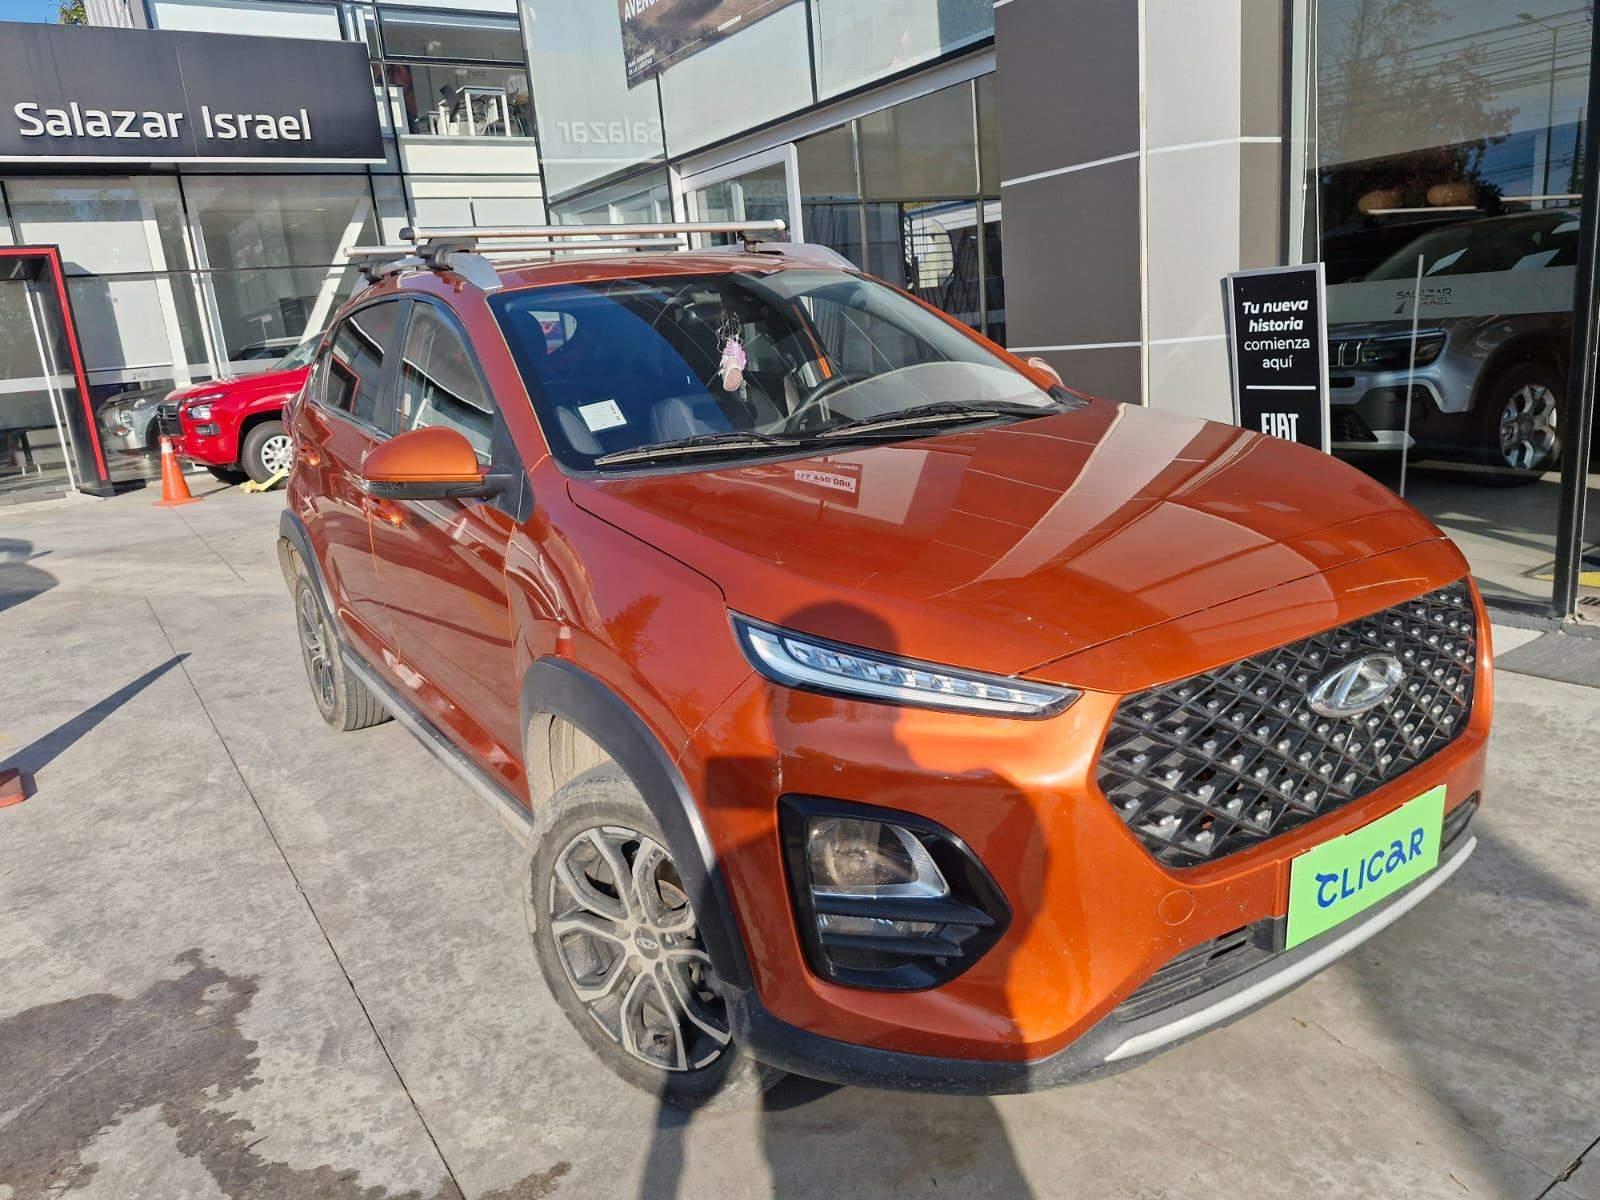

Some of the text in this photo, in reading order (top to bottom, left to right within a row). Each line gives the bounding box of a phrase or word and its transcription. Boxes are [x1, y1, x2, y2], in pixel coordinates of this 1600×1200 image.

[14, 102, 312, 140] Salazar Israel
[1242, 300, 1309, 315] Tu nueva
[1248, 316, 1304, 333] historia
[1244, 336, 1311, 351] comienza
[1262, 354, 1294, 371] aquí
[1261, 412, 1299, 443] FIAT

ACTIVITY
Please transcribe every entry exactly as written, leaving the pictures out.

RESULT OF THE TASK
Some of the text in this photo, in reading order (top to bottom, left to right within a row). Each line gives the bounding box of a phrase or word and its transcription. Boxes are [x1, y1, x2, y2], in pixel coordinates of this 1600×1200 image.

[14, 102, 312, 140] Salazar Israel
[1242, 300, 1309, 315] Tu nueva
[1248, 316, 1304, 333] historia
[1244, 336, 1311, 351] comienza
[1262, 354, 1294, 371] aquí
[1261, 412, 1299, 443] FIAT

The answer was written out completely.